Altruist is hoping to be a unique custodian for RIAs in that it does not have a direct-to-consumer business competing with its clients. At the bigger custodians, the consumer platform takes up a lot of the internal resources, including R&D dollars, he said.

“All of [the other custodians] have spent way more time and money innovating direct to consumer businesses that compete with advisors than they have innovating on advisors’ businesses,” Wenk said. “Case in point being things like their incredible slow pace on digital account opening and digital management of accounts.”

To their credit, Fritz says no line of code in the incumbent custodians’ tech is more than 10 years old; Schwab and Fidelity, especially, are constantly upgrading, maintaining and automating. And at least we know the big custodians can scale.

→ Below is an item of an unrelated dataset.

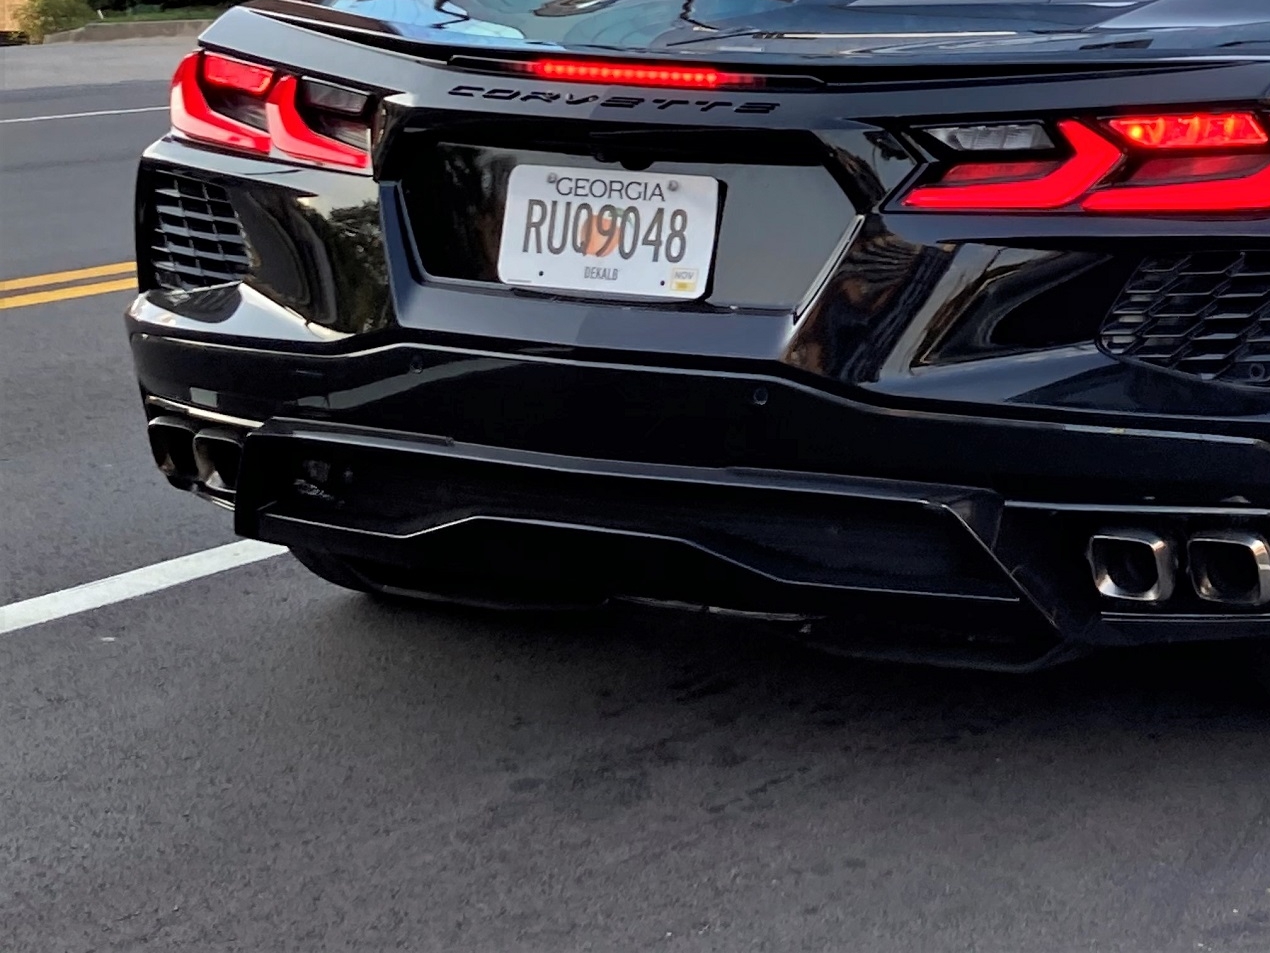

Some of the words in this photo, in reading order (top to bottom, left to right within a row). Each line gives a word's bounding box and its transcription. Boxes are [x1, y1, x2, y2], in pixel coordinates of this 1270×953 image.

“The big guys—you got to throw them a bone—to operate trillions of client assets in a platform requires some big-time technology,” he said. “Altruist has a great platform; we’re very impressed with what they’re able to do. We do not know yet if it can scale.”

“I don’t think anybody right now should run to the hills and say, ‘I’m leaving Fidelity for Altruist.’ We don’t know if Altruist is scalable. It should be. I think he built it in a way that would make it scalable, but we don’t know it.”

For now, Fritz says he is trusting Altruist for advisors looking to add a custodian for smaller, sub-$500,000 accounts. For advisors looking for a lower-cost, more-automated way to manage mass affluent clients, it makes a lot of sense, he said. “I’ll look to expand how we would use it with our clients as it matures.”

But Wenk’s revenue model will be similar to other custodians. The firm will not charge a platform fee for its services. It will make money from payment for order flow, but that is "negligible," Wenk said, and they'll be more focused on delivering best execution of trades.

The company will also make money on cash sweeps, but Wenk says they intend to offer clients an “industry-leading yield.” Even so, Altruist’s clients don’t hold large cash positions, he said, because the firm offers fractional shares and built-in model-based trading.

Altruist has differentiated itself from the big incumbents in the space by having no minimum assets under management for the advisors it serves, and Wenk said that has helped cultivate a lot of smaller firms as clients, a pace of acquisition that has accelerated in the wake of Schwab’s acquisition of TD Ameritrade. The conversion of advisory accounts at TD advisors to Schwab's advisor platform is scheduled for Labor Day weekend 2023.

Even so, Wenk says there is not a lot of "lateral movement" in the RIA custody space; rather the firm is finding more success with new entrants, including breakaway advisors and others establishing RIAs for the first time.